▸ **Exercise aim**:
Reproduce the listing that follows in full. Omit its images.

▸ **Provided material**:
________________

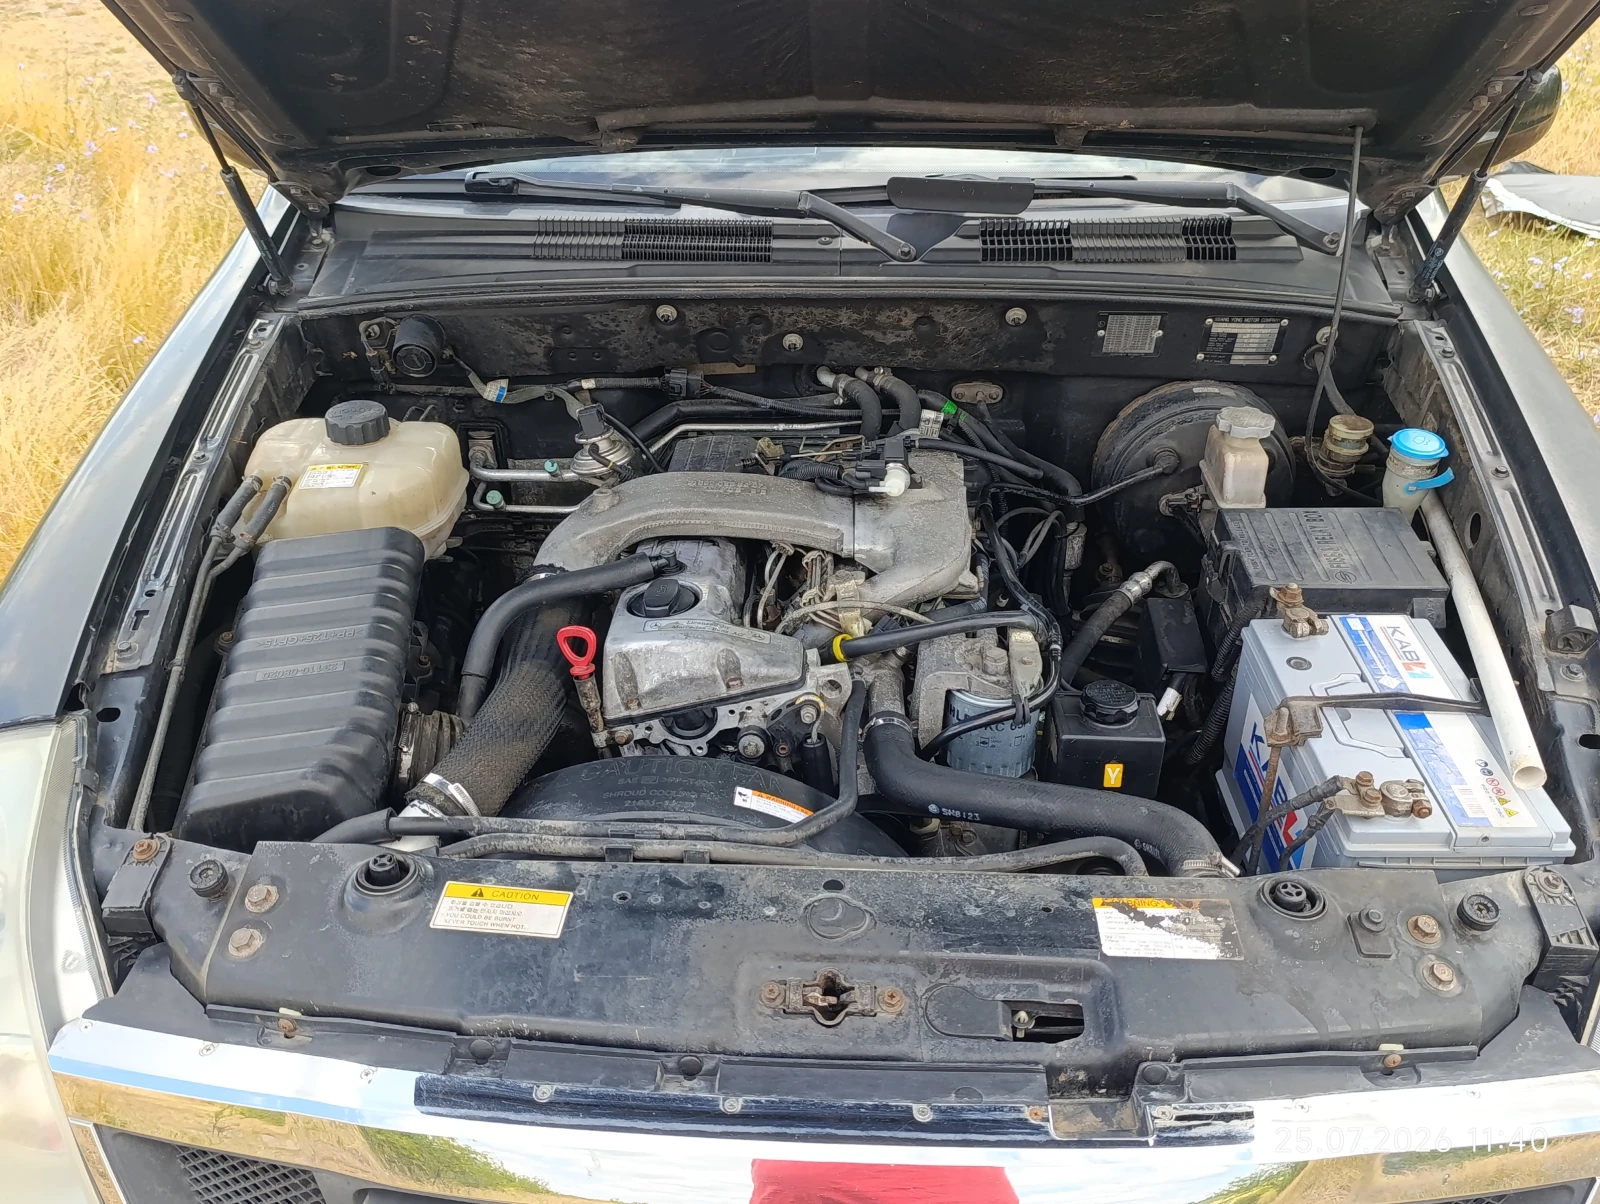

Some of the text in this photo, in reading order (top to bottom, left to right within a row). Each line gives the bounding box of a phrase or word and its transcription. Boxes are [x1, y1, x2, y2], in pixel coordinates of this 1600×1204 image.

[1302, 510, 1325, 522] BOX
[1309, 525, 1335, 544] RELAY
[581, 758, 721, 782] CAUTION
[1106, 767, 1122, 786] Y
[602, 789, 647, 799] SHROUD
[491, 890, 540, 901] CAUTION
[460, 912, 482, 920] COULD
[466, 919, 489, 927] TOUCH
[490, 921, 510, 929] WHEN

________________

▸ **Exercise solution**:
Some of the text in this photo, in reading order (top to bottom, left to right within a row). Each line gives the bounding box of a phrase or word and its transcription. Boxes are [x1, y1, x2, y2], in pixel coordinates of this 1600×1204 image.

[1302, 510, 1325, 522] BOX
[1309, 525, 1335, 544] RELAY
[581, 758, 721, 782] CAUTION
[1106, 767, 1122, 786] Y
[602, 789, 647, 799] SHROUD
[491, 890, 540, 901] CAUTION
[460, 912, 482, 920] COULD
[466, 919, 489, 927] TOUCH
[490, 921, 510, 929] WHEN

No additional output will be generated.